(DATA UNDER STUDY Opens)

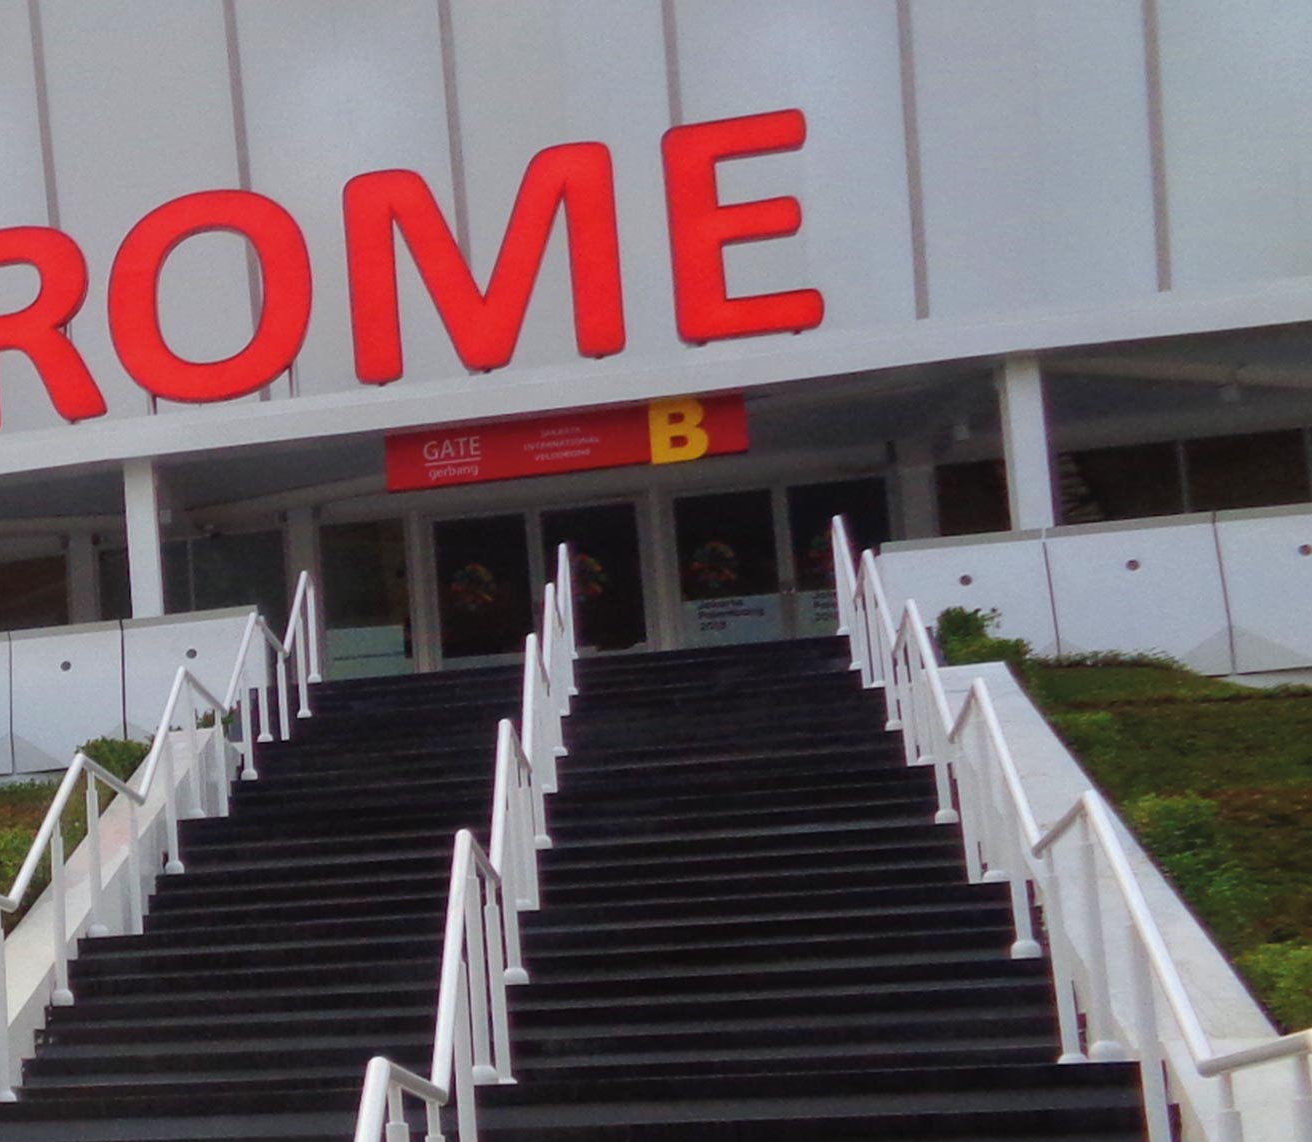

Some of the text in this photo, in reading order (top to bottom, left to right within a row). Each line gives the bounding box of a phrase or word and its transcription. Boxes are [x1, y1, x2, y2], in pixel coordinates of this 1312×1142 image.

[648, 396, 709, 465] B
[423, 435, 482, 461] GATE
[428, 463, 479, 481] gerbang
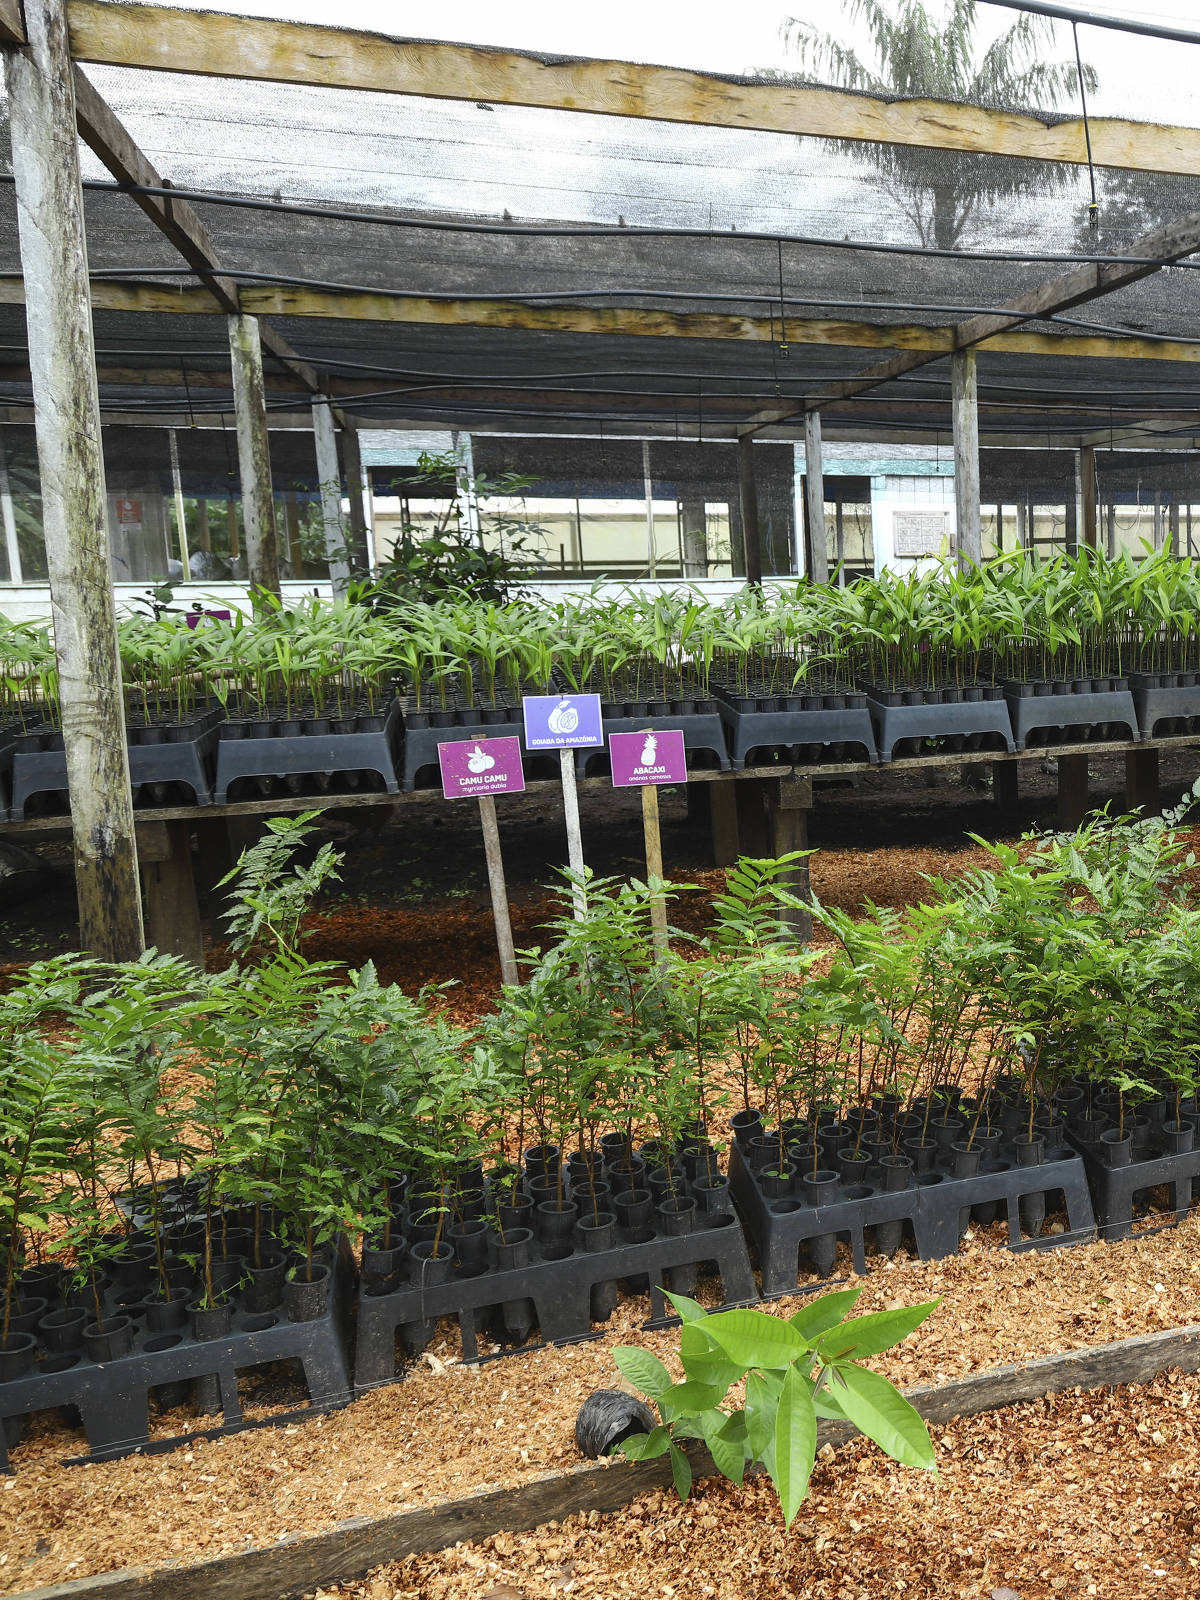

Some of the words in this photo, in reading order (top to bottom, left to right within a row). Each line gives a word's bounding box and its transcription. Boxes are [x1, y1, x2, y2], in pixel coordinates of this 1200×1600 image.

[633, 766, 666, 775] ABACAXI
[459, 776, 483, 786] CAMU
[484, 773, 508, 783] CAMU

(DATA UNDER STUDY Closes)

● **EXERCISE DESCRIPTION**
Print the full listing above again with exact wording and no images.

● **TASK RESULT**
Some of the text in this photo, in reading order (top to bottom, left to right within a row). Each line gives the bounding box of a phrase or word and its transcription. Boxes are [x1, y1, x2, y2], in pixel coordinates of this 1312×1142 image.

[648, 396, 709, 465] B
[423, 435, 482, 461] GATE
[428, 463, 479, 481] gerbang

Some of the words in this photo, in reading order (top to bottom, left to right within a row). Each line gives a word's bounding box and its transcription. Boxes are [x1, y1, x2, y2], in pixel coordinates of this 1200×1600 image.

[633, 766, 666, 775] ABACAXI
[459, 776, 483, 786] CAMU
[484, 773, 508, 783] CAMU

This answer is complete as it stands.